Beim neuen SL kommt die Mechanik des Hartdachs diesem Problem ein wenig bei. Dank einer noch aufwendigeren Einklappmechanik duckt sich die Heckscheibe möglichst raumsparend mit der Wölbung nach oben unter die Haube. Dadurch bleibt bei geöffnetem Dach ein nutzbares Ladevolumen von 235 Litern. Das Gesamtfassungsvermögen des Kofferraums (317 Liter) wird also nur noch um rund ein Drittel eingeschränkt.

Das Beispiel der trickreichen Dachversenkung ist symptomatisch: Eher unscheinbar sind die Technik-Glanzlichter am

neuen Mercedes SL. So verfügt der Zwei-

sitzer als erstes Auto der Welt über eine Bremsanlage, die den Pedaldruck nicht mehr über Hydraulikleitungen an die Radbremsen weitergibt.

Stattdessen wird ein elektrischer Impuls über Kabel verschickt und an jedem Rad der geeignete Hydraulikdruck individuell erzeugt. Dadurch kann das Auto die Bremskraft optimal verteilen und schneller auf Notsituationen reagieren. Geht der Fahrer etwa hastig vom Gas, erkennt das System, dass eine Vollbremsung folgen könnte, und legt mit leichtem Druck bereits die Bremsbeläge näher an die Scheiben an.

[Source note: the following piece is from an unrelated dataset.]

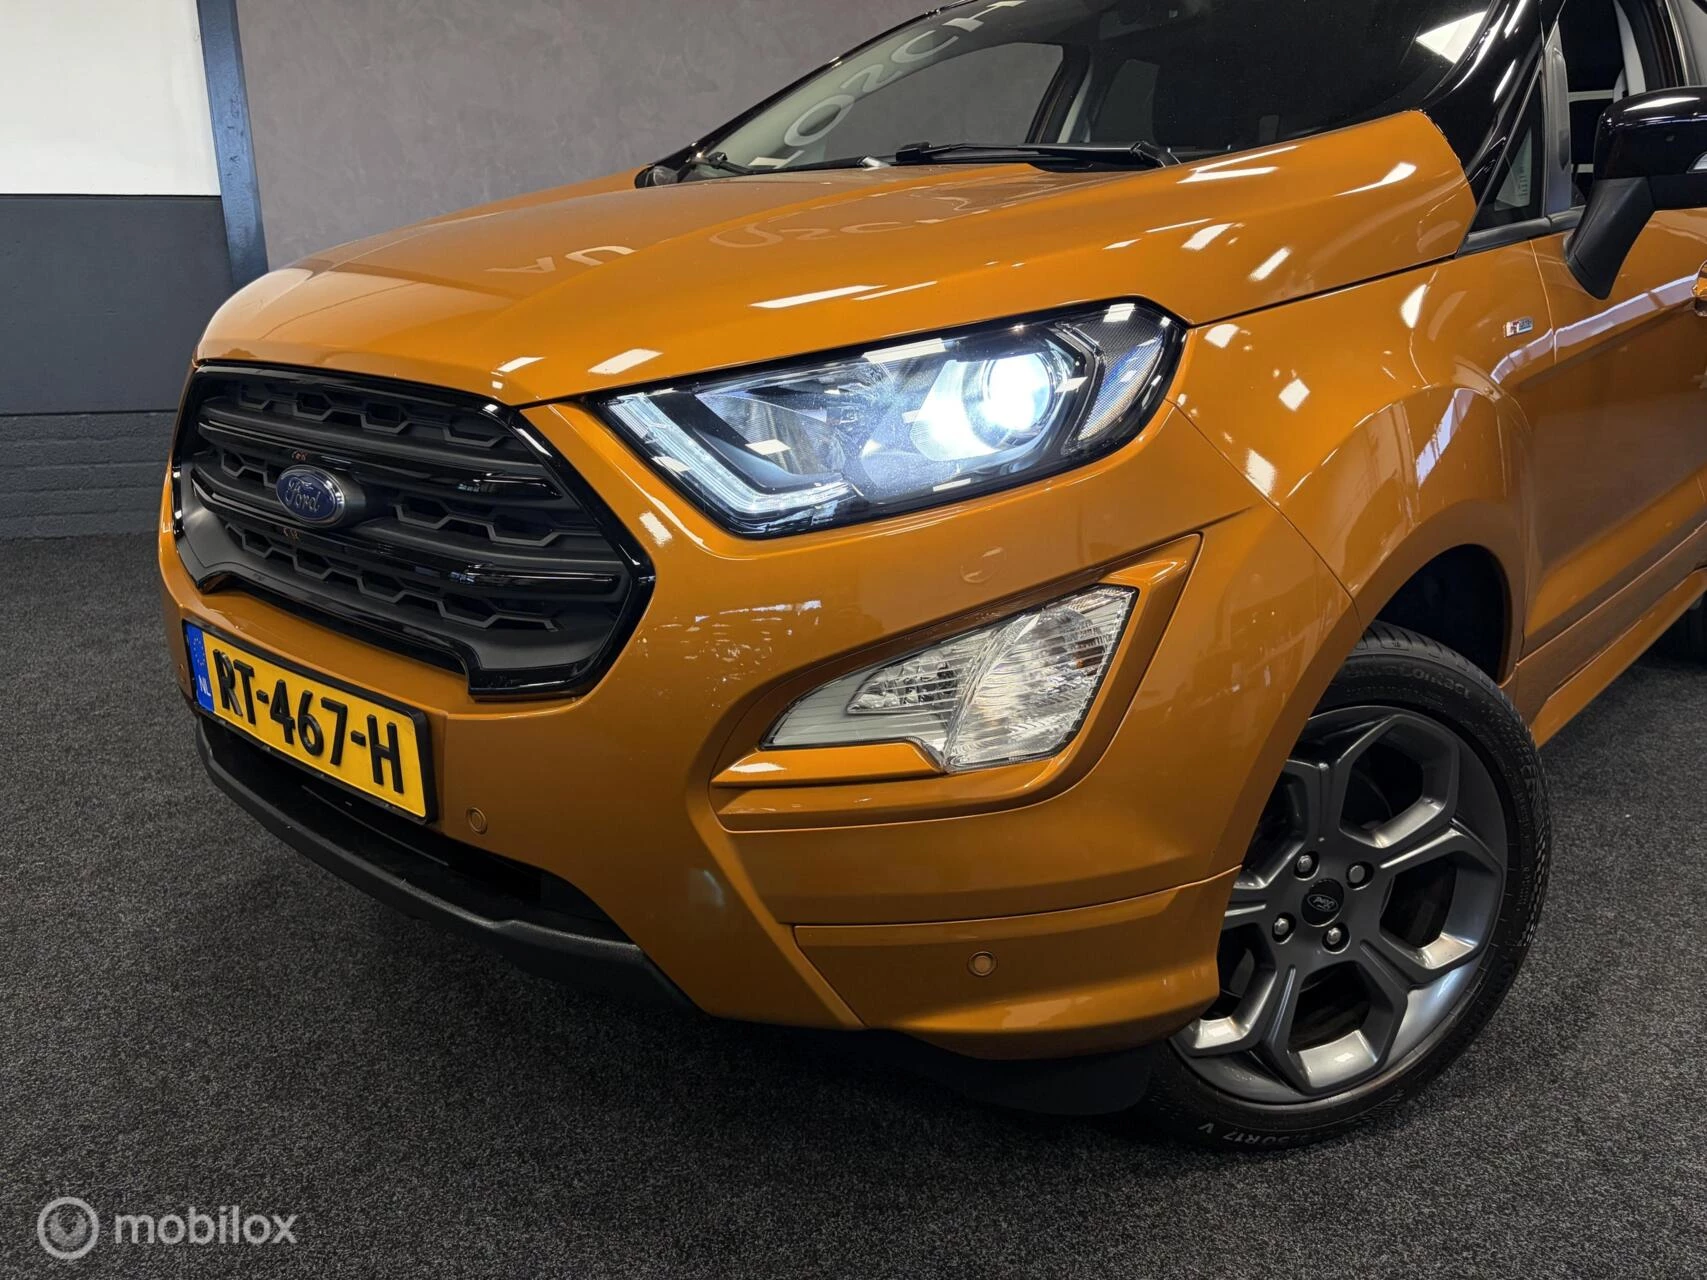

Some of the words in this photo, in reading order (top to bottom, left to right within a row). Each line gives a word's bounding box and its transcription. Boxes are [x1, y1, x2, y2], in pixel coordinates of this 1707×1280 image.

Regen wiederum erkennt die Elektronik über den Sensor des Scheibenwischers. Auch in diesem Fall werden die Bremsbacken sanft an die Scheiben gedrückt, um diese trockenzubürsten. Die Bremse spricht somit auch bei Nässe sofort an. Die Anhaltewege verkürzen sich durch solche Verbesserungen um wenige Meter.

Aus der Sicht des Ingenieurs sind all das beeindruckende Innovationen. Der Kunde gewinnt dadurch jedoch keinen Vorführeffekt wie vor zwölf Jahren mit dem ersten vollautomatisch versenkbaren Verdeck.

In all seiner Perfektion dokumentiert der neue Mercedes SL somit eher eine schleichende Innovationskrise der Fahrzeugindustrie. Das klassische Automobil ist weitgehend ausgereizt. Bahnbrechende Neuerungen - etwa eine intelligente Satelliten- und Kamerasteuerung, die Unfälle gänzlich vereiteln könnte - sind von der Serienreife weit entfernt.

Die neue Superbremse ist noch nicht einmal für den Fahrer fühlbar. Denn das Pedal mündet nach wie vor in ein Hydrauliksystem, das im Normalfall aber außer Betrieb ist. Fällt nun aus irgendeinem Grund die elektronische Regelung aus, wird der Bremsimpuls wie ehedem durch Druckleitungen übertragen.

Im Zweifelsfall setzen die Konstrukteure also größeres Vertrauen in die alte Hydraulik als in moderne Computersteuerungen. CHRISTIAN WÜST

* Mit Sänger Lionel Richie, DaimlerChrysler-Vorstand Hubbert(am Flügeltürer) und Sängerin Juliette.